Ada sebuah kebenaran pahit yang jarang diakui: sebuah negara tidak akan pernah benar-benar merdeka jika rakyatnya masih terikat oleh rantai ketergantungan yang berlapis-lapis. Kita bergantung pada impor untuk piring makan kita, kita bergantung pada utang luar negeri untuk pembangunan kita, dan kita bergantung pada pusat untuk setiap keputusan kecil di desa kita.
Ketergantungan adalah musuh terbesar demokrasi. Sebab, siapa pun yang mengendalikan sumber daya Anda, dialah yang mengendalikan suara Anda. Jika sebuah komunitas tidak mandiri secara pangan, energi, dan ekonomi, mereka akan selalu menjadi tawanan kepentingan pihak-pihak yang memiliki modal besar. Mereka akan mudah didekte, mudah dibeli, dan mudah diabaikan.
Partai Gema Bangsa hadir untuk memutus rantai itu, satu demi satu.
Strategi kami sederhana namun radikal: Kemandirian negara hanya bisa terjadi jika kemandirian komunitas sudah terbentuk. Kita tidak bisa mengharapkan Indonesia berdaulat di mata dunia jika desa-desa kita masih lumpuh tanpa bantuan pusat. Kita tidak bisa bicara tentang ketahanan nasional jika setiap kali ada krisis global, dapur-dapur di rumah kita langsung berhenti berasap.

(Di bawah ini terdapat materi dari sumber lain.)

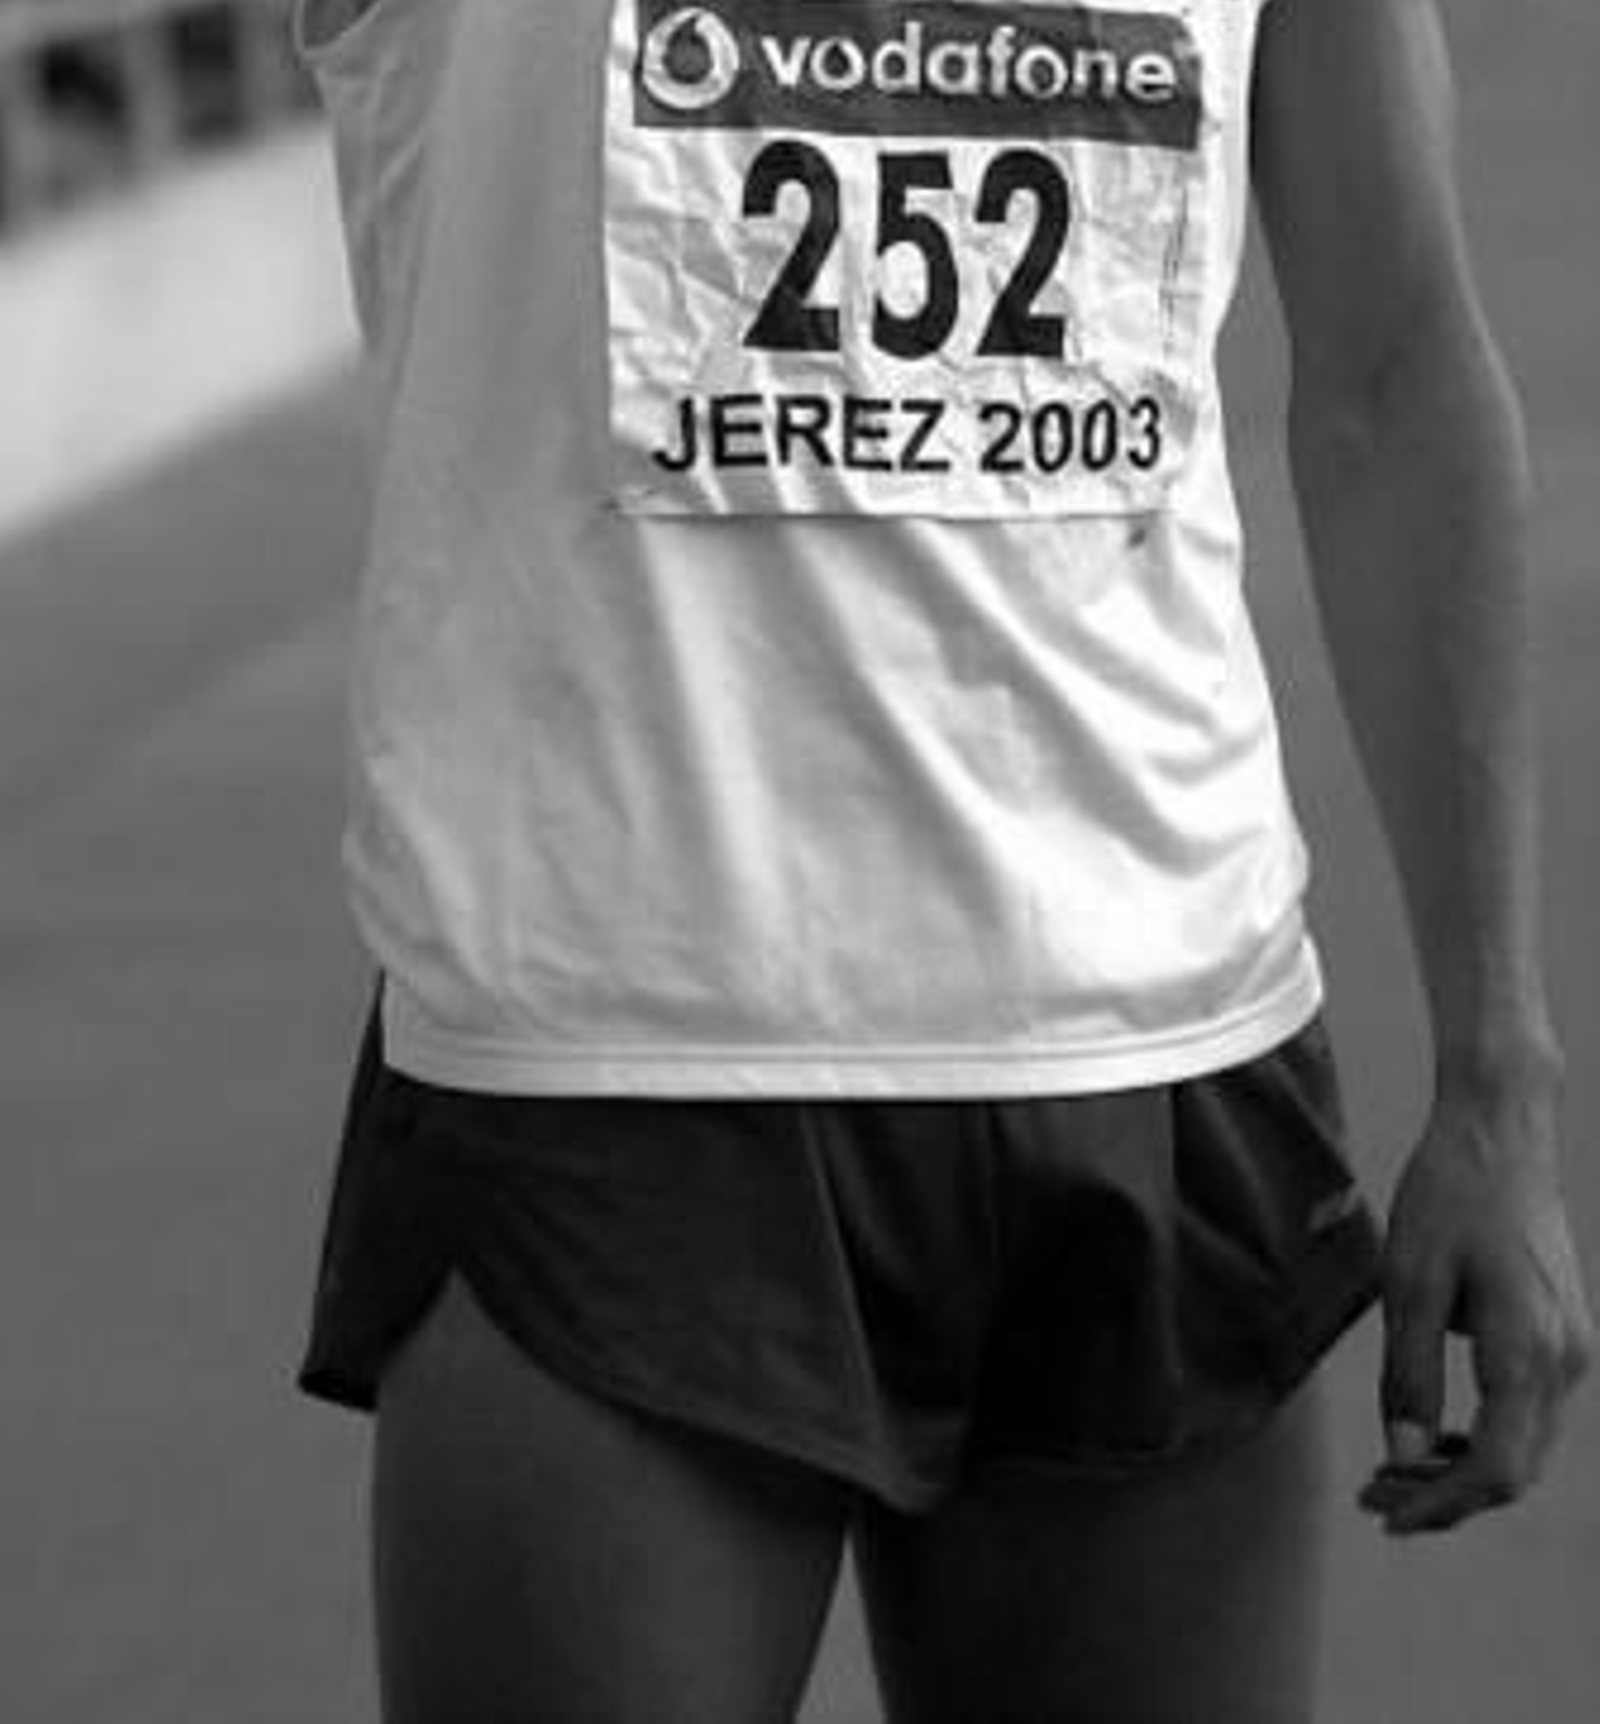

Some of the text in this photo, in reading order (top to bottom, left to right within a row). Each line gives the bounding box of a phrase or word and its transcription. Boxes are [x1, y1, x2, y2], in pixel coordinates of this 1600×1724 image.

Memutus rantai ketergantungan berarti:
-
Mendorong setiap komunitas memiliki Lumbung Pangan sendiri, sehingga kita tidak perlu panik saat harga komoditas dunia dipermainkan spekulan.
-
Membangun kedaulatan Energi Terbarukan di tingkat lokal, sehingga desa-desa bisa menyalakan lampu tanpa harus terus-menerus membebani kas negara dengan subsidi energi fosil yang kotor.
-
Mengembalikan kendali Ekonomi Lokal ke tangan warga, sehingga perputaran uang tidak lari ke gedung-gedung tinggi di Jakarta atau rekening di luar negeri, melainkan tetap tinggal di lingkungan tetangga kita sendiri.
Saat komunitas-komunitas kita kuat dan mandiri, negara akan memiliki fondasi yang tidak tergoyahkan. Kita tidak lagi menjadi negara yang bisa digertak oleh kepentingan asing atau disandera oleh kelompok kepentingan tertentu. Negara yang mandiri adalah negara yang dibangun oleh rakyat yang sudah merdeka di tanahnya sendiri, di komunitasnya sendiri, dan di rumahnya sendiri.
Hari ini, mari kita mulai memutus rantai itu. Mari kita berhenti bertanya, “Apa yang bisa diberikan negara untuk saya?” dan mulai bertanya, “Bagaimana saya dan komunitas saya bisa mandiri agar tidak terus-menerus bergantung pada belas kasihan?”
Karena kemandirian adalah jalan satu-satunya menuju martabat.